▸ **TASK BRIEF**:
The lines to be set down run from the line containing "Some of the words" through the final line of the data below; print them exactly and print nothing else.

▸ **DATA PROVIDED**:
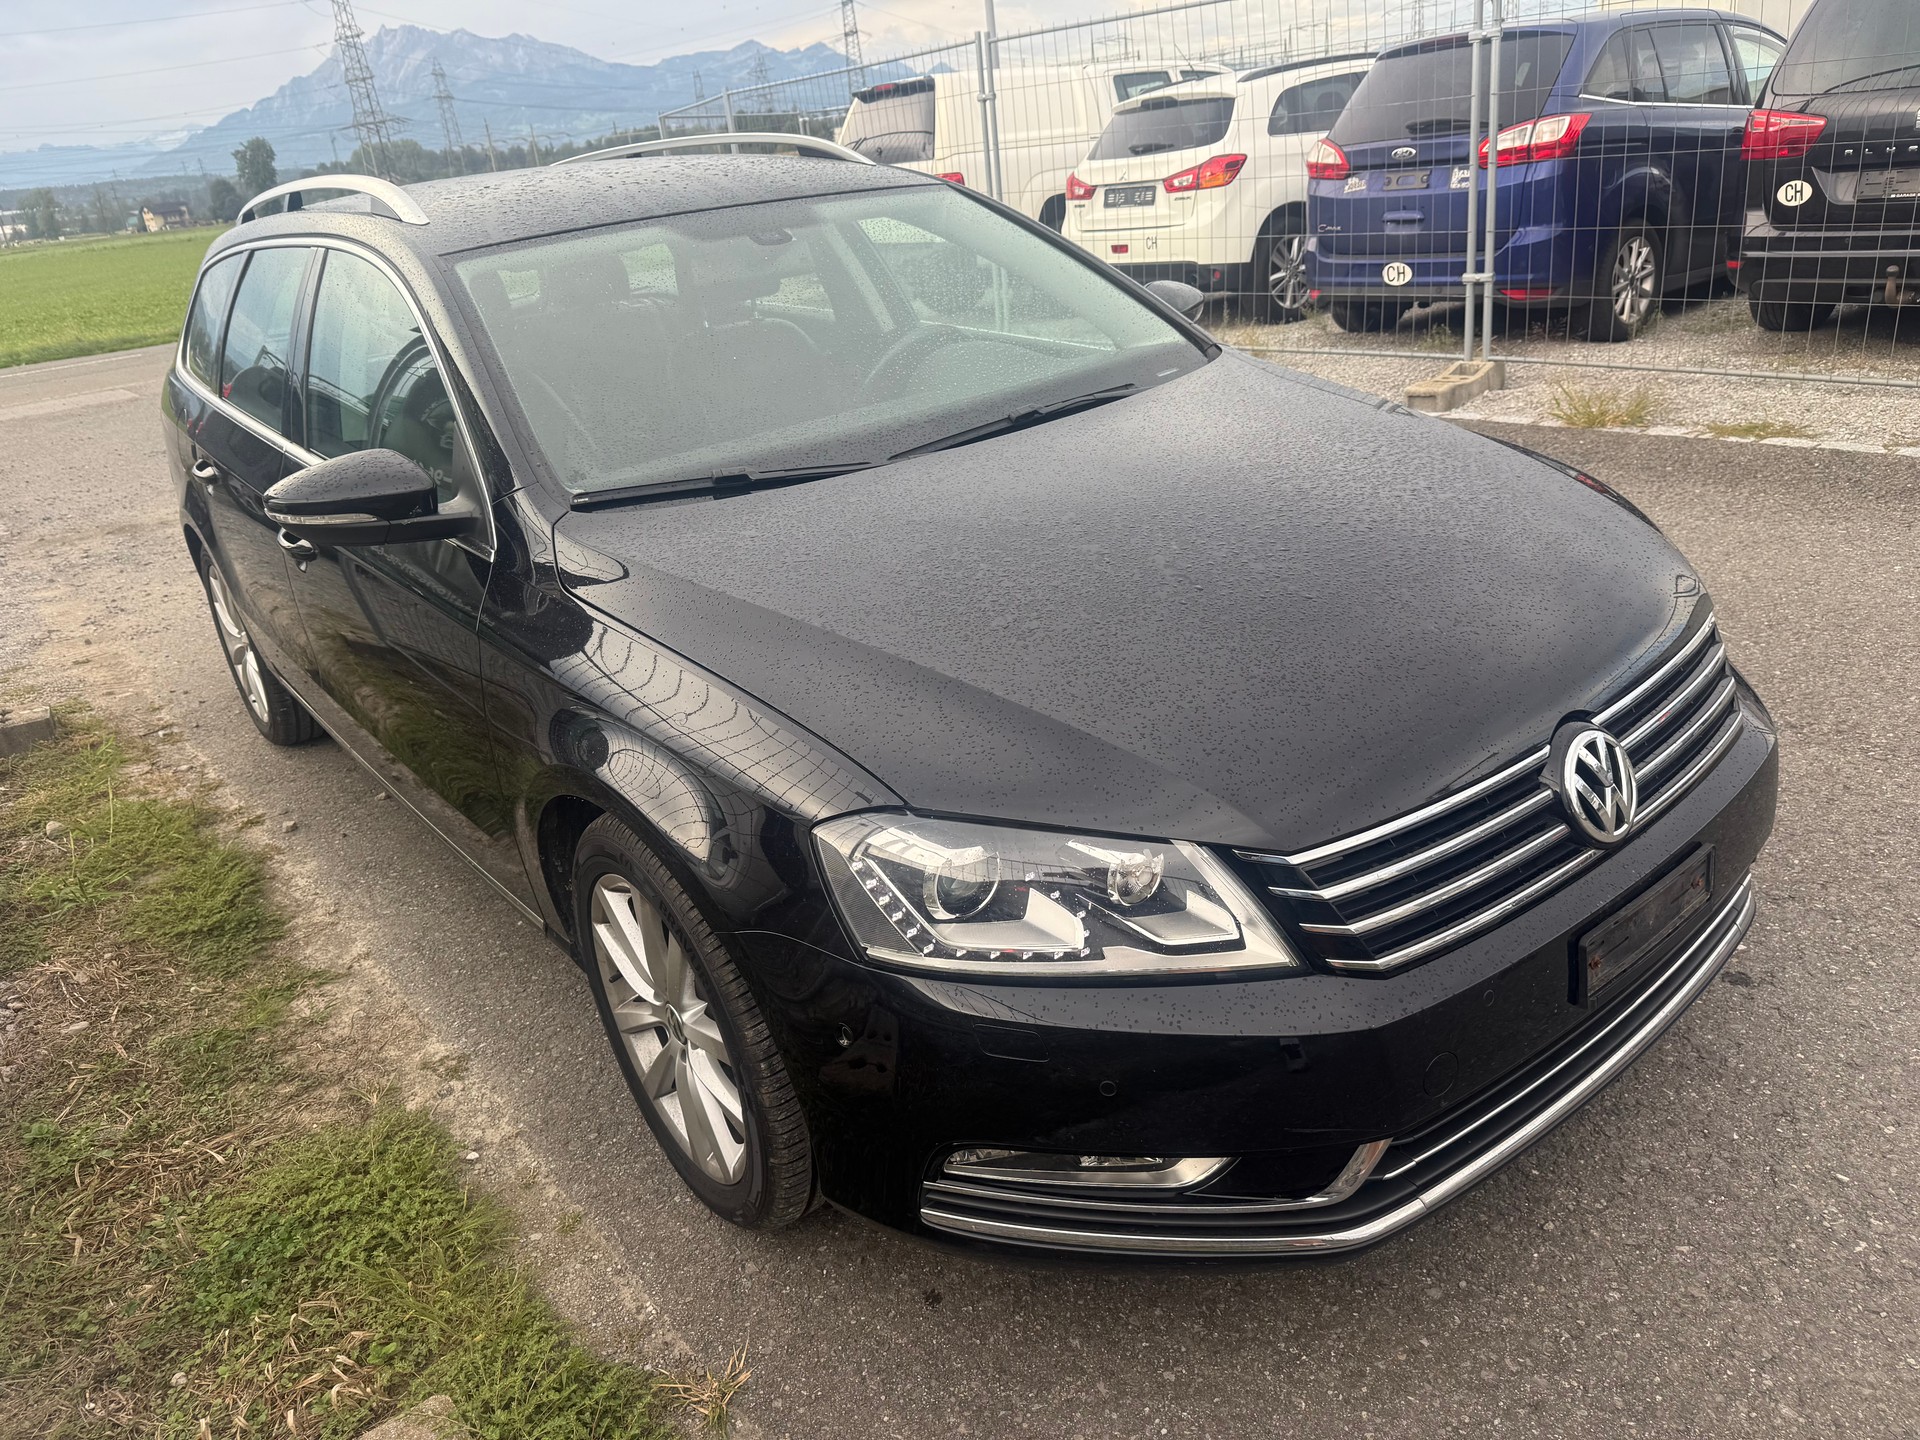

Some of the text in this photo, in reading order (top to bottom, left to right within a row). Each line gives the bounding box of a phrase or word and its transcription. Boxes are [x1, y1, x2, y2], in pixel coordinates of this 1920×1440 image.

[1785, 183, 1804, 202] CH
[1146, 237, 1158, 250] CH
[1386, 265, 1406, 282] CH
[1565, 731, 1637, 842] VW
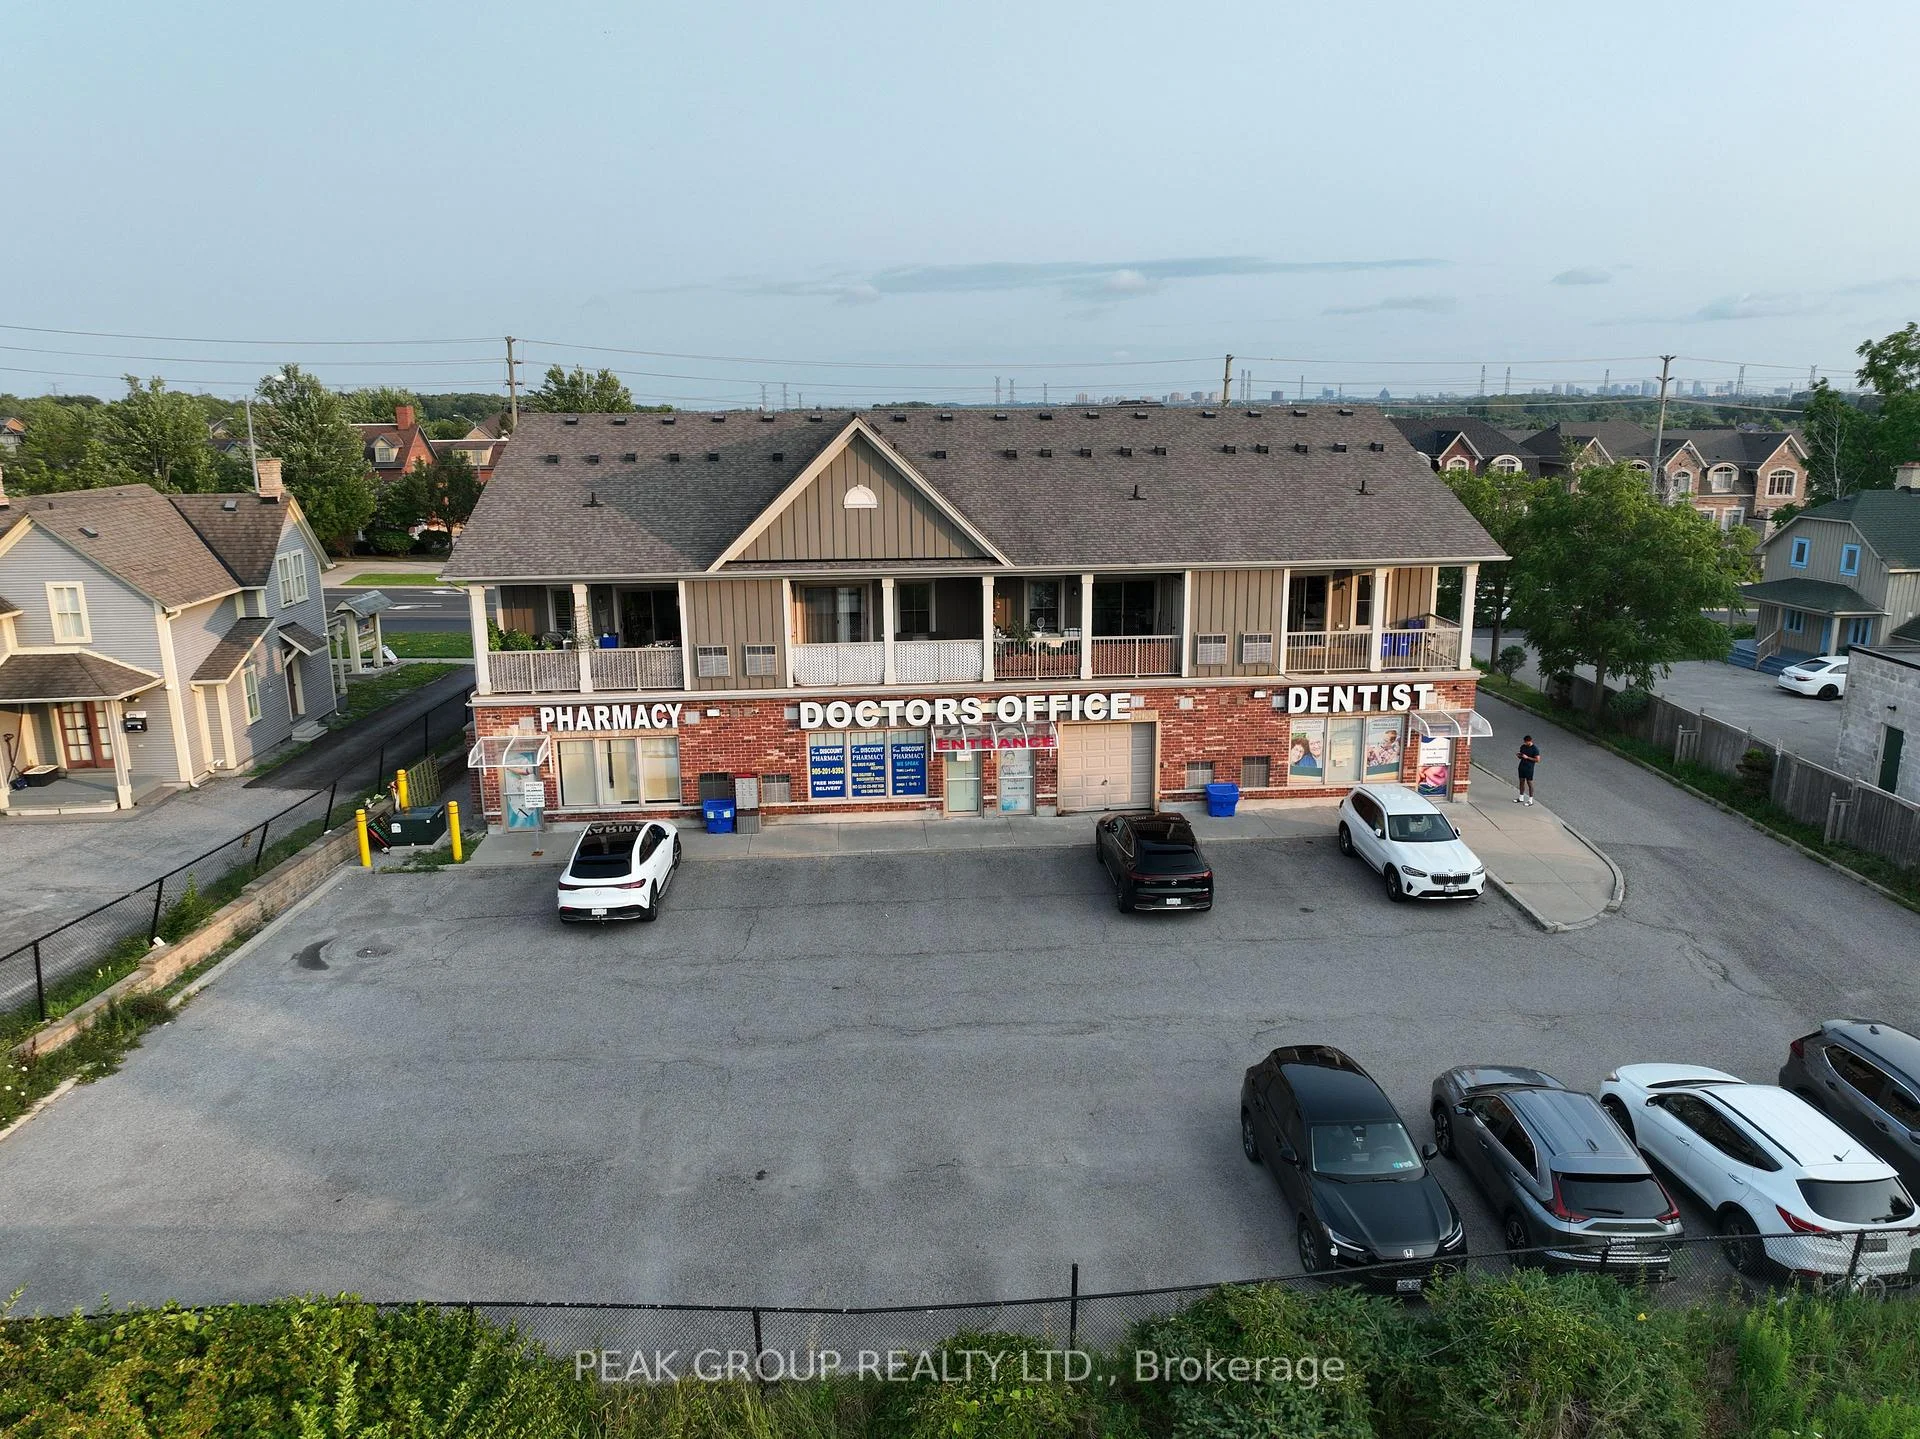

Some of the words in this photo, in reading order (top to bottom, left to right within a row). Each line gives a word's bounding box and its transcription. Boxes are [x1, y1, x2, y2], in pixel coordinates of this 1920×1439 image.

[800, 697, 982, 729] DOCTORS
[997, 693, 1132, 723] OFFICE
[1288, 684, 1434, 714] DENTIST
[540, 703, 682, 732] PHARMACY
[937, 737, 1055, 750] ENTRANCE

▸ **SOLUTION BELOW**:
Some of the words in this photo, in reading order (top to bottom, left to right within a row). Each line gives a word's bounding box and its transcription. Boxes are [x1, y1, x2, y2], in pixel coordinates of this 1920×1439 image.

[800, 697, 982, 729] DOCTORS
[997, 693, 1132, 723] OFFICE
[1288, 684, 1434, 714] DENTIST
[540, 703, 682, 732] PHARMACY
[937, 737, 1055, 750] ENTRANCE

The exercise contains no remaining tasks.